Additionally, we will add two common edge cases:

  • We block mass API actions to an account in a suspended OU (not pictured) and the root account.
  • We block API actions in disabled regions.

This will show us how to implement robust error handling in equally powerful tooling.

 Walkthrough

Let us separate the solution into distinct steps:

  • Create an automation user through AWS SSO.
    • This user can optionally be an IAM user or role assumed into by a third-party identity provider (such as, Azure Active Directory). Note the ARN of this identity because that is the key piece of information we will use for crafting a policy document.
  • Deploy a CloudFormation stack set across the organization that enables this user to assume limited access into each account.
    • For this blog post, we will deploy an organization-wide role with `ec2:DescribeRouteTables` permissions.

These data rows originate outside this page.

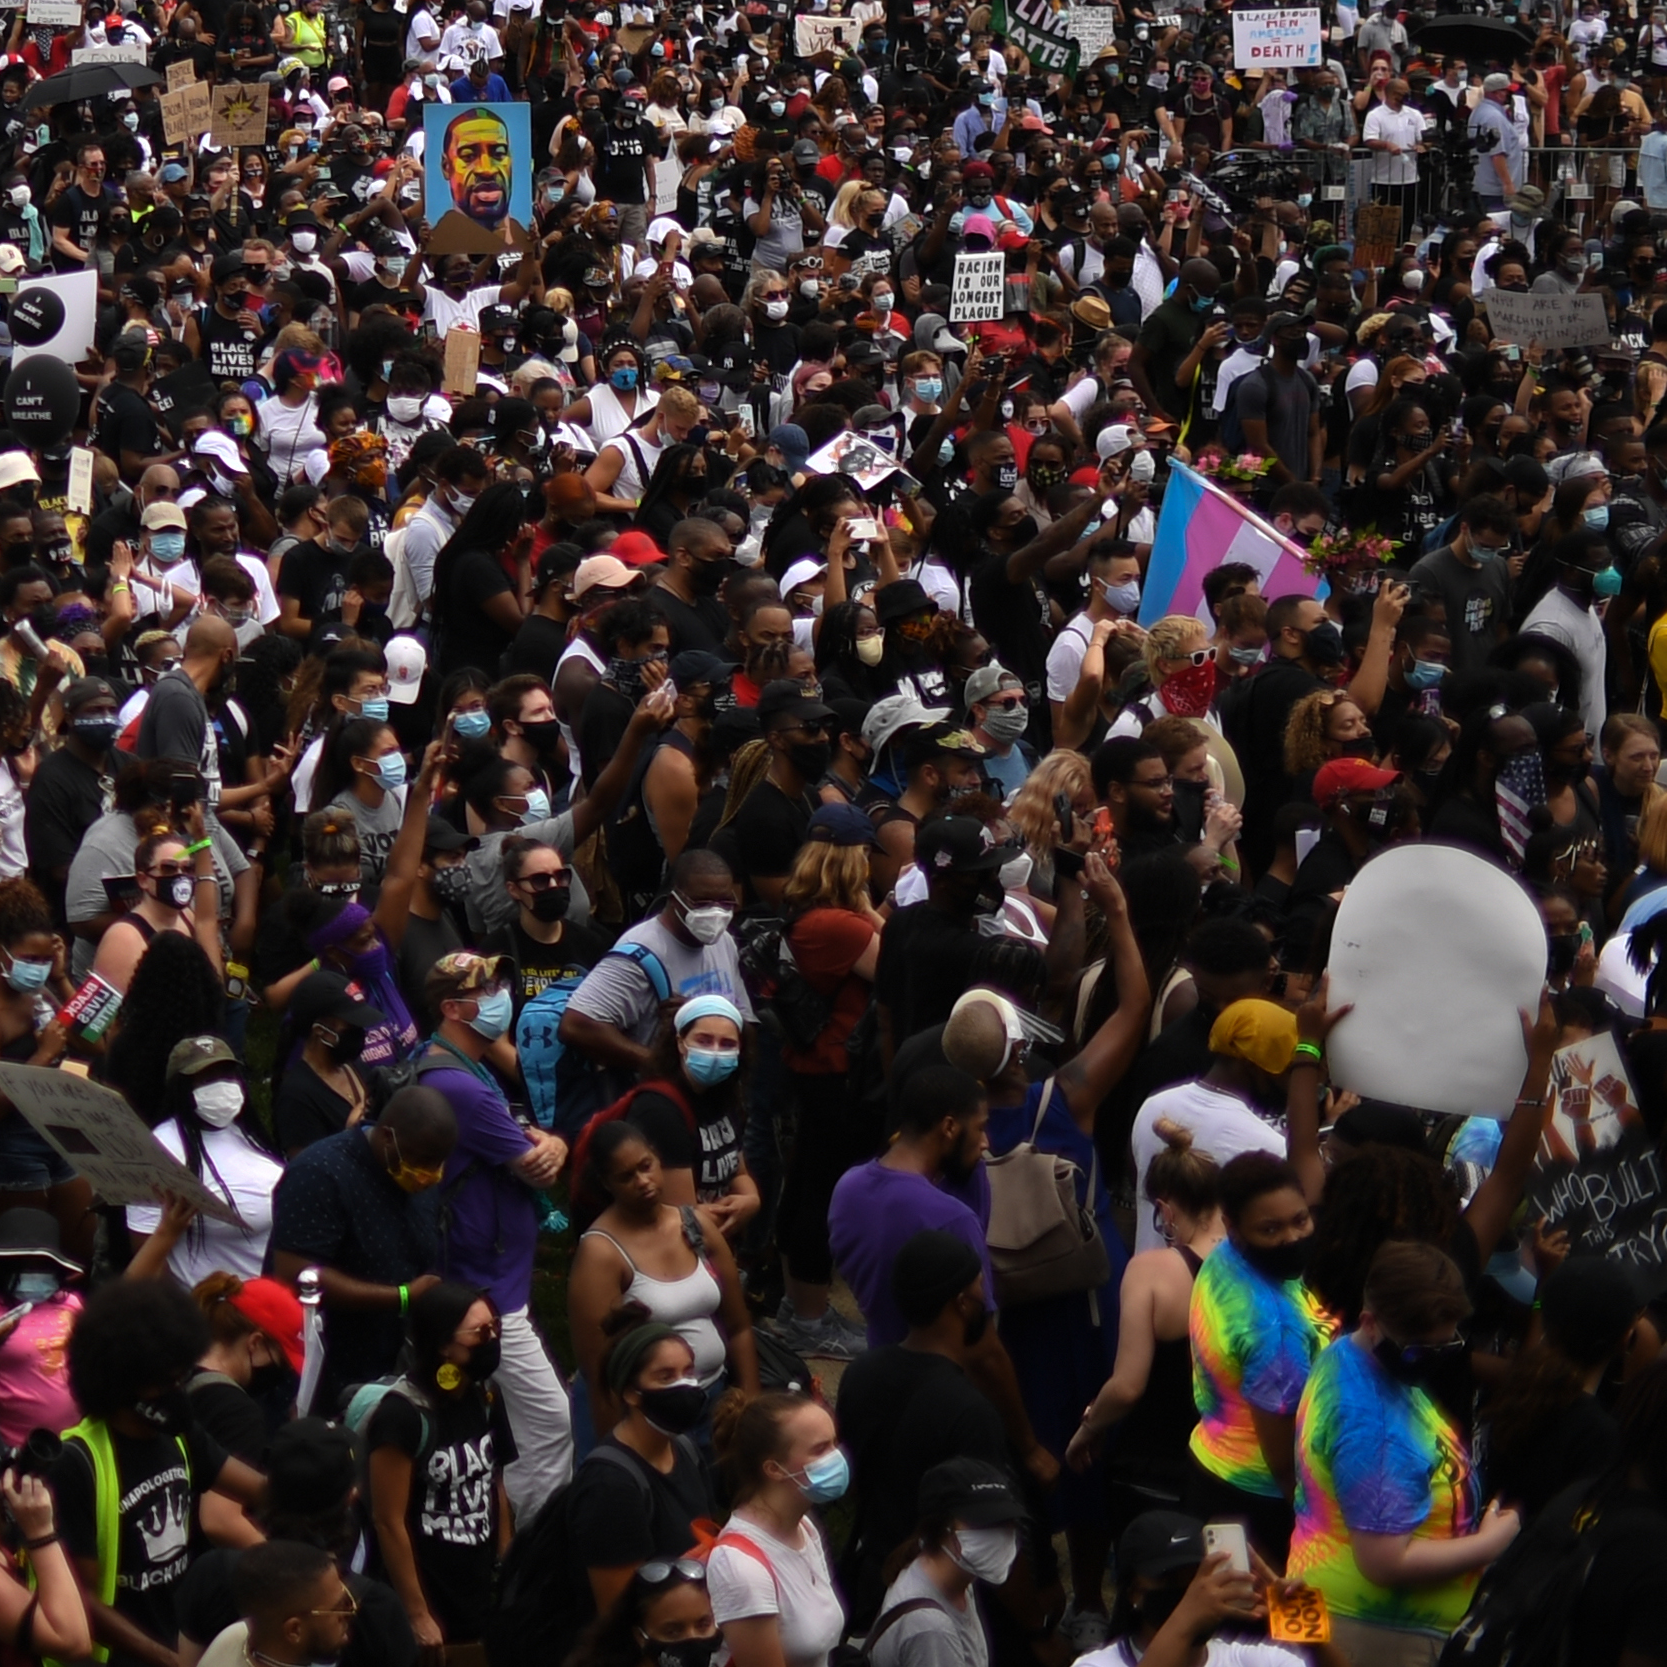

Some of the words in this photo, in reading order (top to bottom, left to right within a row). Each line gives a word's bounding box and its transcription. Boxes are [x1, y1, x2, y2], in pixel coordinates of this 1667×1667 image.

[1266, 18, 1299, 28] MEN
[957, 260, 1002, 274] RACISM
[957, 277, 971, 289] IS
[979, 275, 1001, 287] OUR
[952, 291, 1003, 304] LONGEST
[954, 306, 1000, 320] PLAGUE
[212, 353, 255, 366] LIVES
[11, 411, 53, 421] BREATHE
[1532, 1172, 1587, 1224] WHO
[1583, 1150, 1662, 1223] BUILT
[1582, 1222, 1615, 1247] THIS
[428, 1432, 495, 1484] BLAC
[1303, 1588, 1322, 1640] NOW
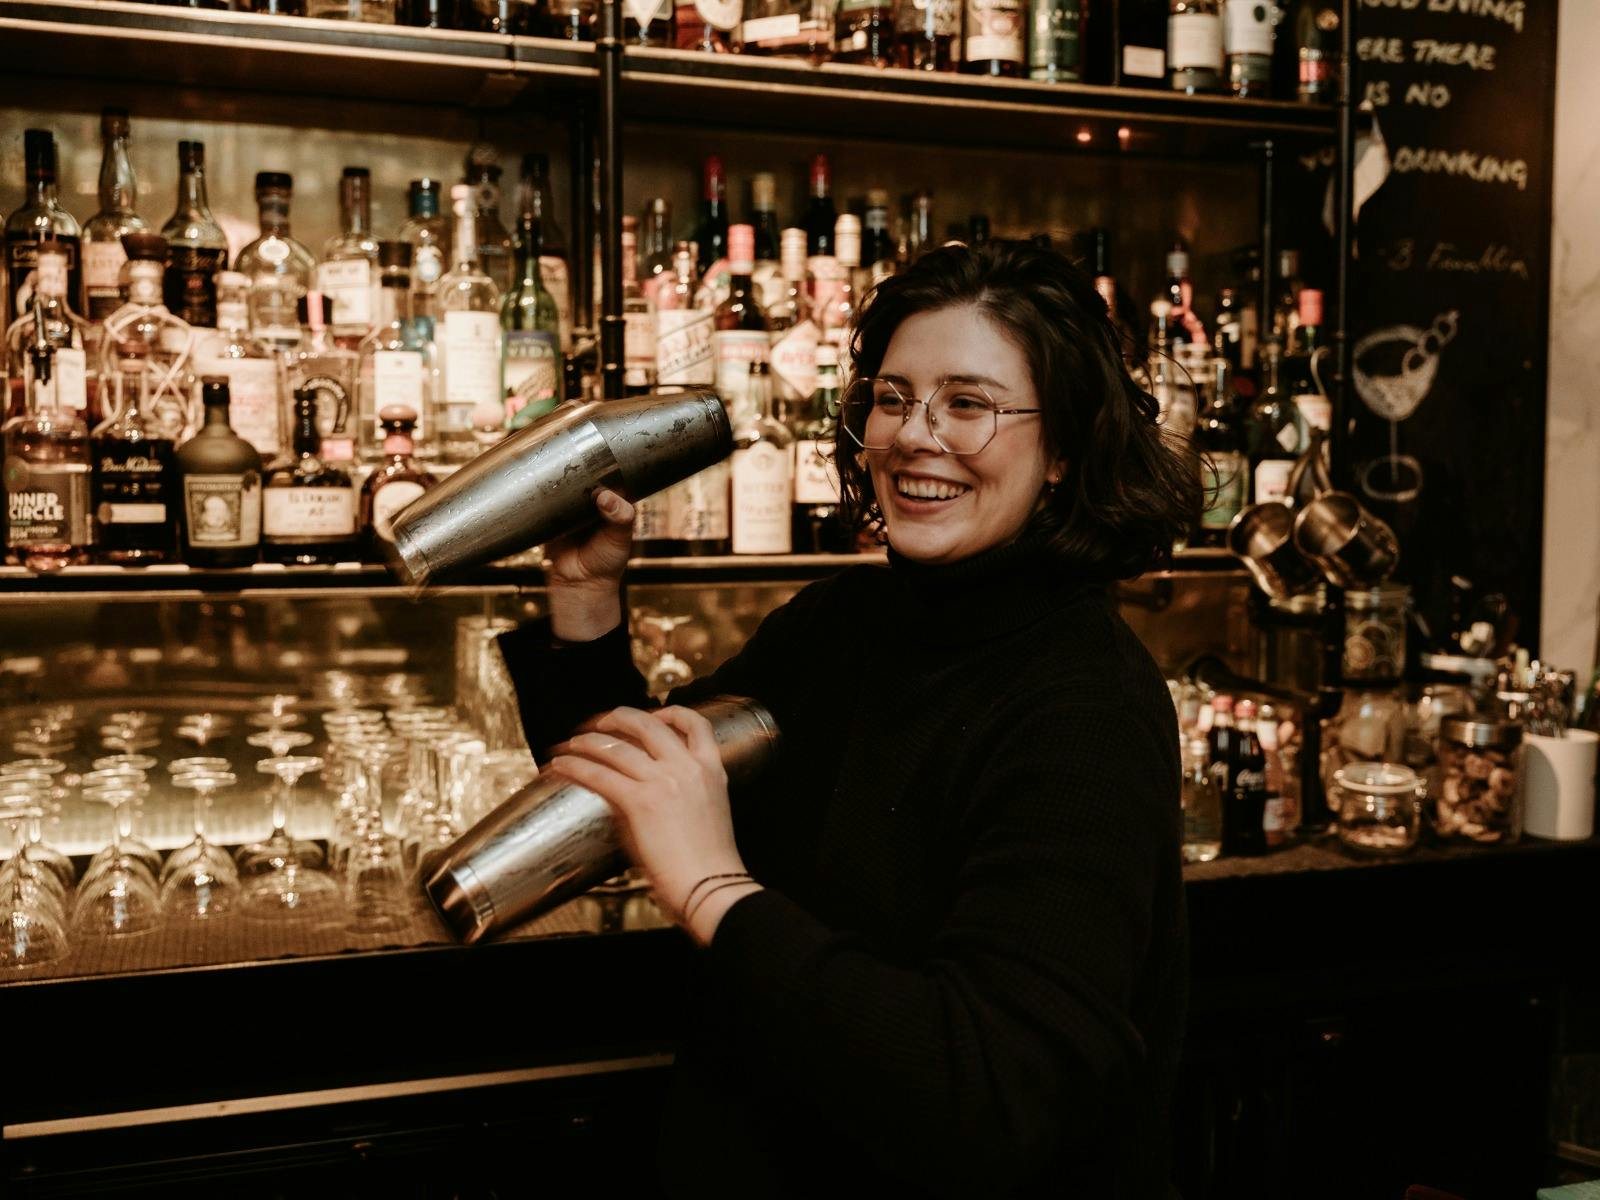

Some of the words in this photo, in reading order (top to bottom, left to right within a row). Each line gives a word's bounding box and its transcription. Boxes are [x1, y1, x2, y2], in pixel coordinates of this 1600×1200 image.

[1412, 39, 1497, 71] THERE
[1364, 80, 1391, 106] IS
[1404, 82, 1451, 108] NO
[1394, 147, 1528, 191] DRINKING
[9, 492, 58, 507] INNER
[9, 505, 65, 521] CIRCLE
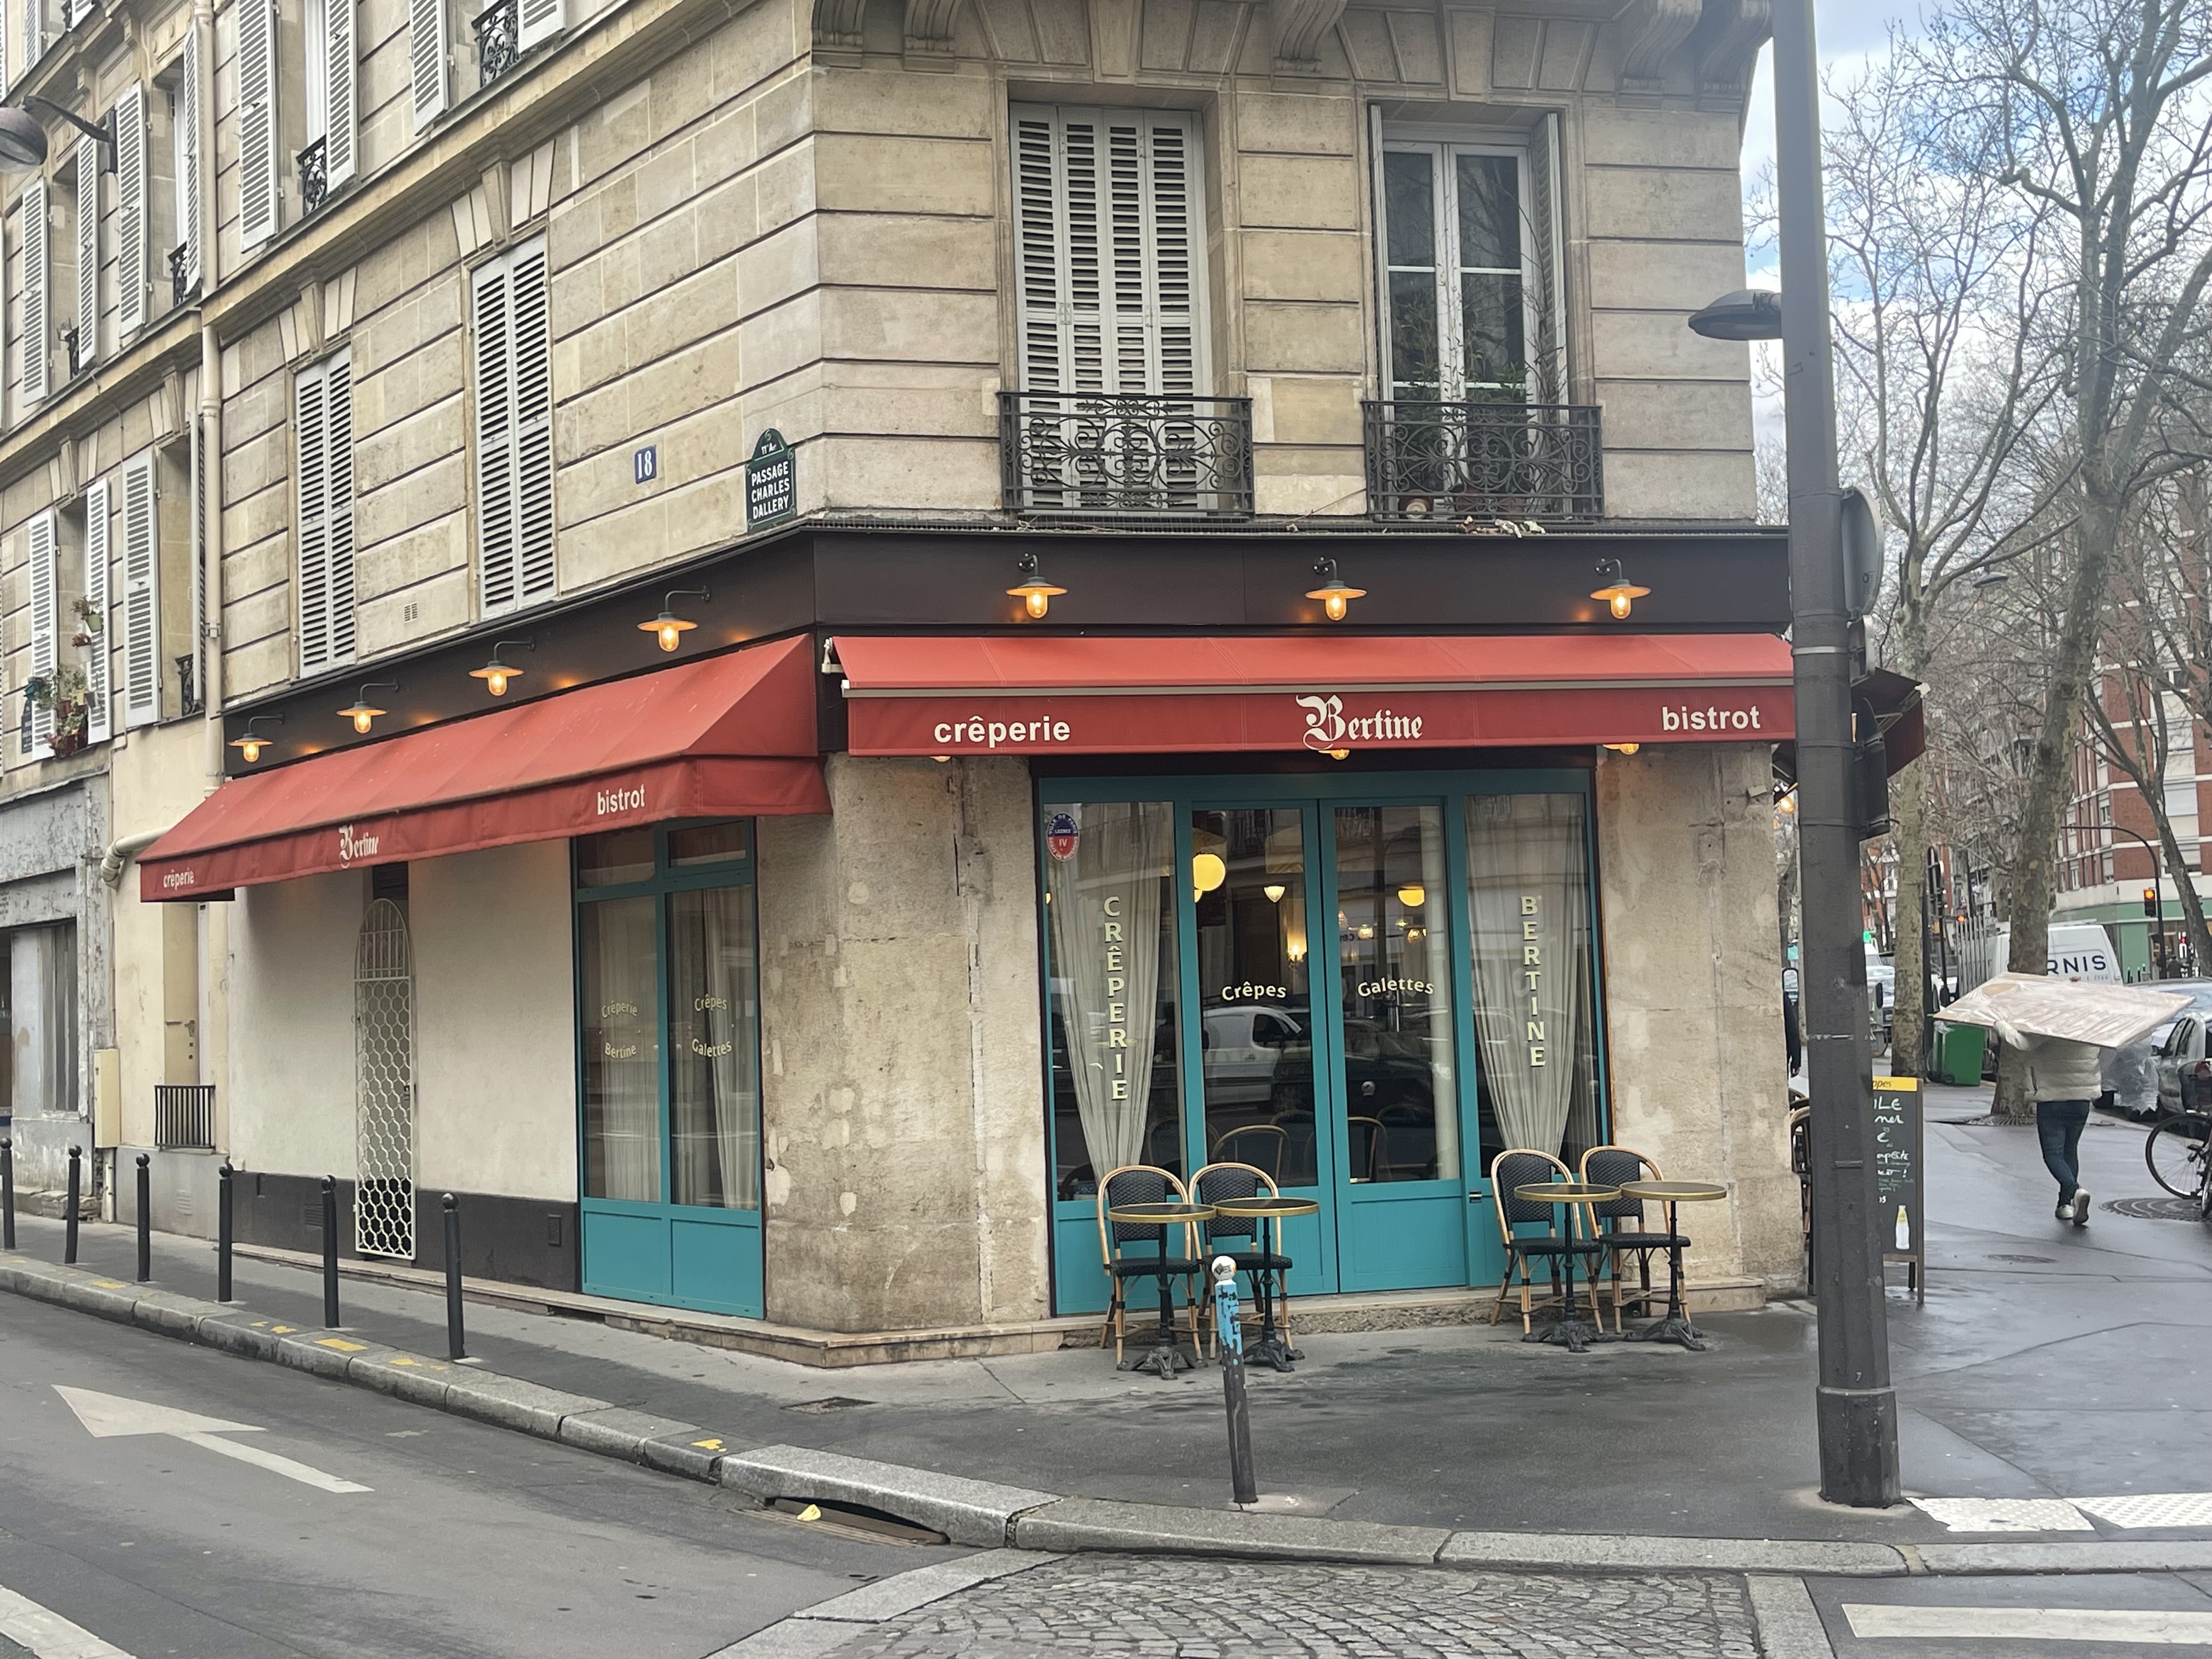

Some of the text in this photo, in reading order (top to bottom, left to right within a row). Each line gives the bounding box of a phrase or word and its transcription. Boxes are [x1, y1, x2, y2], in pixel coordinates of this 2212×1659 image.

[637, 450, 653, 479] 18
[751, 461, 789, 487] PASSAGE
[751, 478, 790, 503] CHARLES
[753, 494, 789, 520] DALLERY
[934, 695, 1761, 751] crêperie Bertine bistrot
[163, 783, 645, 891] crêperie Bertine bistrot
[1059, 838, 1068, 847] IV
[1221, 977, 1435, 1001] Crêpes Galettes
[1520, 896, 1546, 1067] BERTINE
[694, 993, 727, 1012] Crêpes
[1103, 896, 1128, 1101] CRÊPERIE
[604, 1042, 637, 1059] Bertine
[691, 1038, 732, 1057] Galettes

Feel free to expand or change the permission set based on the type of tool you build.
  • Using Go, AWS Command Line Interface (CLI) v2, and AWS SDK for Go v2:
    1. Authenticate using AWS SSO.
    2. List every account in the organization.
    3. Assume permissions into that account.
    4.  Run an API across every Region in that account.
    5. Aggregate results for every Region.
    6. Aggregate results for every account.
    7. Report back the result.

For additional context, review this GitHub repository that contains all code and assets for this blog post.

Prerequisites

For this walkthrough, you should have the following prerequisites:

  • Multiple AWS accounts
  • AWS Organizations
  • AWS SSO (optional)
  • AWS SDK for Go v2
  • AWS CLI v2
  • Go programming knowledge (preferred), especially Go’s concurrency model
  • General programming knowledge

Create an automation user in AWS SSO

The first thing we need to do is create an identity to sign into. This can either be an AWS Identity and Access Management (IAM) user, an IAM role integrated with a third-party identity provider, or—in this case—an AWS SSO user.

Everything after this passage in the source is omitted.